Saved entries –

============

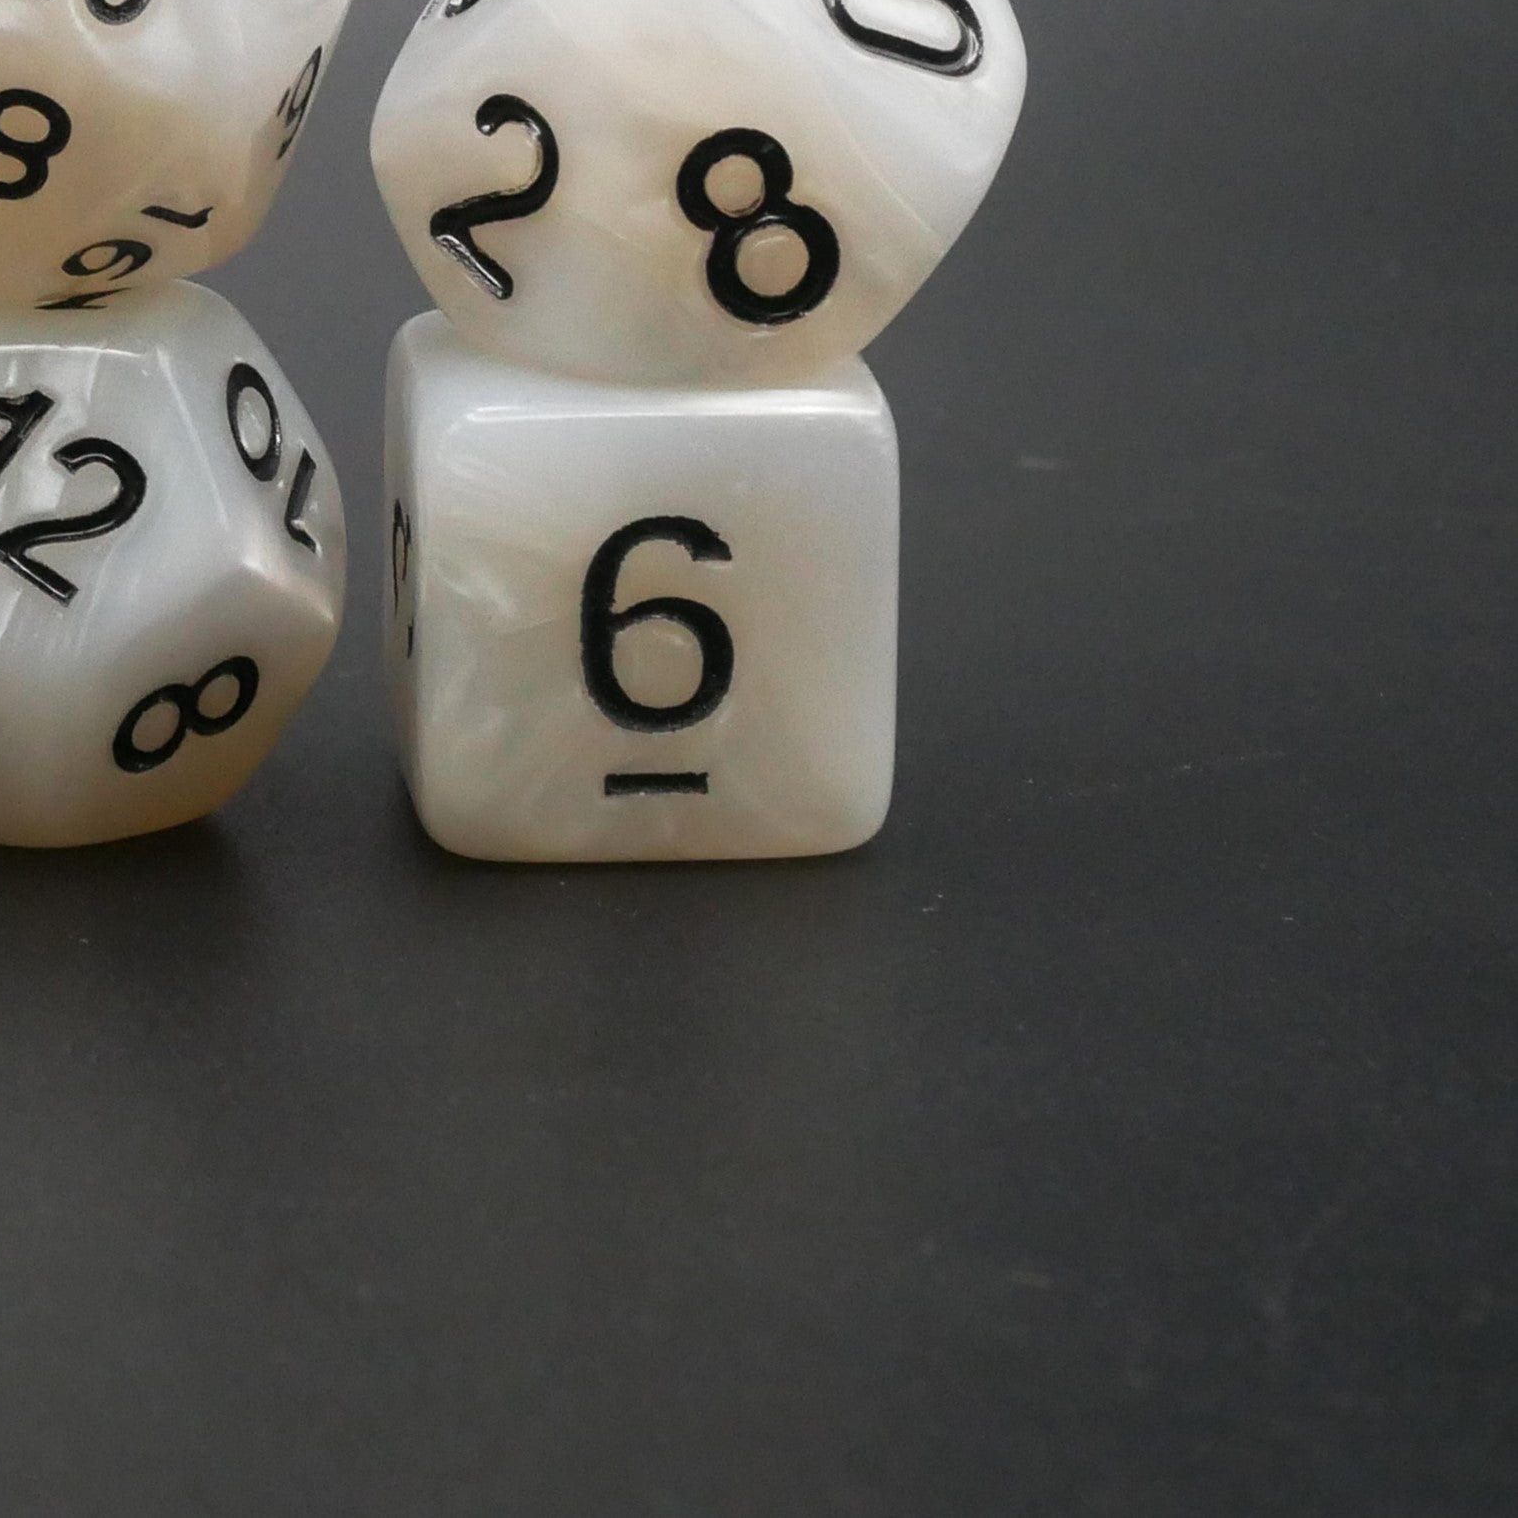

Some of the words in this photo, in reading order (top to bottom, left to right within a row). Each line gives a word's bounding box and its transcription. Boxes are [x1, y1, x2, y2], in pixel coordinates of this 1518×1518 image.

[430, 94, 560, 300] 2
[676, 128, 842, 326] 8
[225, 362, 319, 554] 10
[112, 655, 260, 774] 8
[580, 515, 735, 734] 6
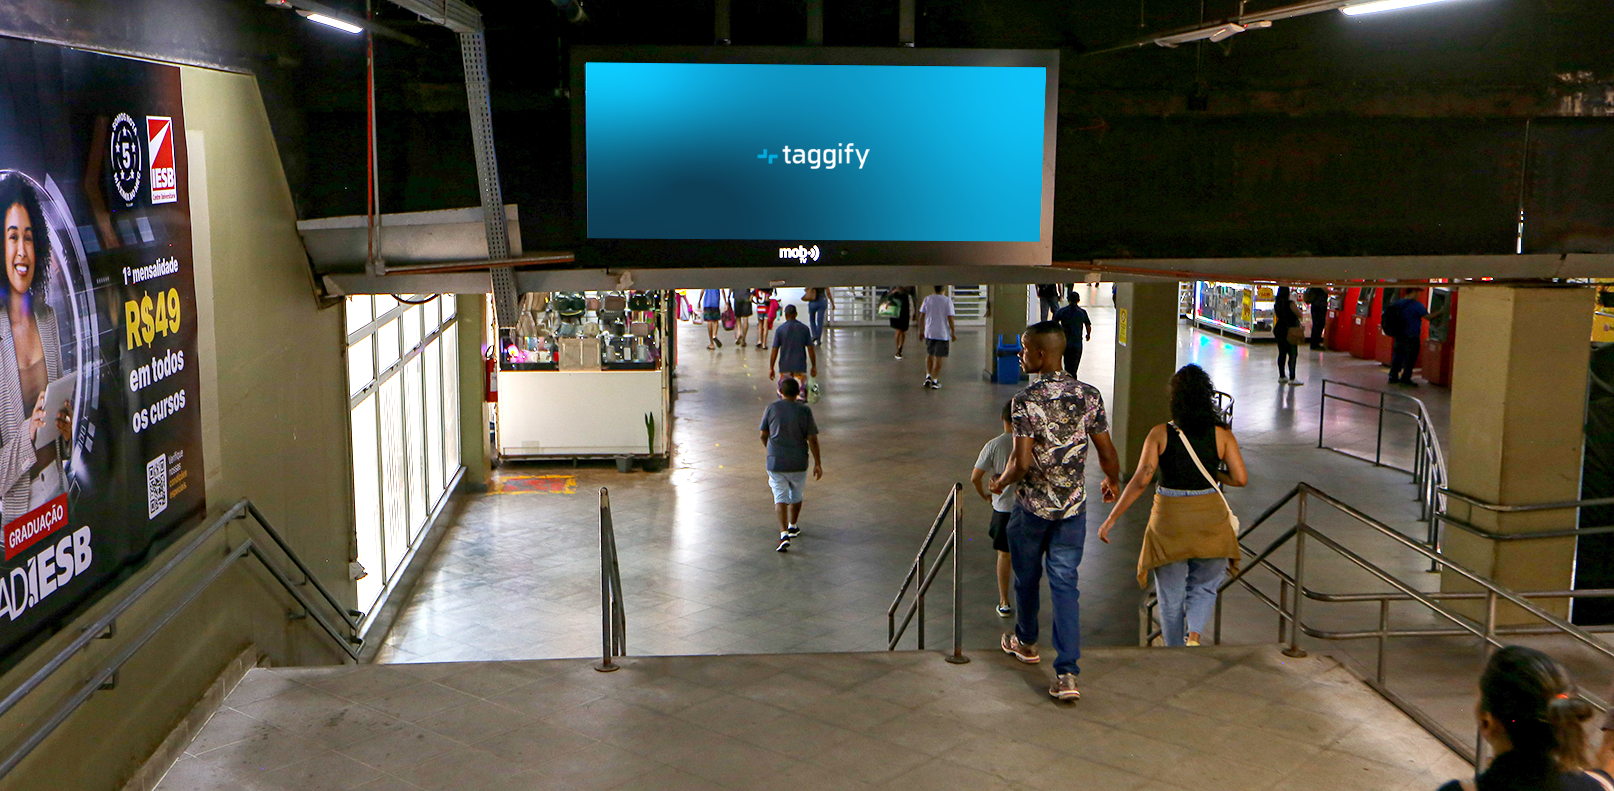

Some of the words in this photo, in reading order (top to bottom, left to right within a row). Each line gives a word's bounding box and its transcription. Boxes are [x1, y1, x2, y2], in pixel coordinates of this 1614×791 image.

============

TASK GOAL –
Omitting all images, retype each line of the records precisely.

RESPONSE TO THIS EXERCISE –
Some of the words in this photo, in reading order (top to bottom, left to right within a row). Each line gives a word's bounding box and its transcription. Boxes are [x1, y1, x2, y2], in pixel coordinates of this 1518×1518 image.

[430, 94, 560, 300] 2
[676, 128, 842, 326] 8
[225, 362, 319, 554] 10
[112, 655, 260, 774] 8
[580, 515, 735, 734] 6

Some of the words in this photo, in reading order (top to bottom, left to right within a row). Each line gives a word's bounding box and its transcription. Boxes are [x1, y1, x2, y2], in pixel coordinates of this 1614×791 image.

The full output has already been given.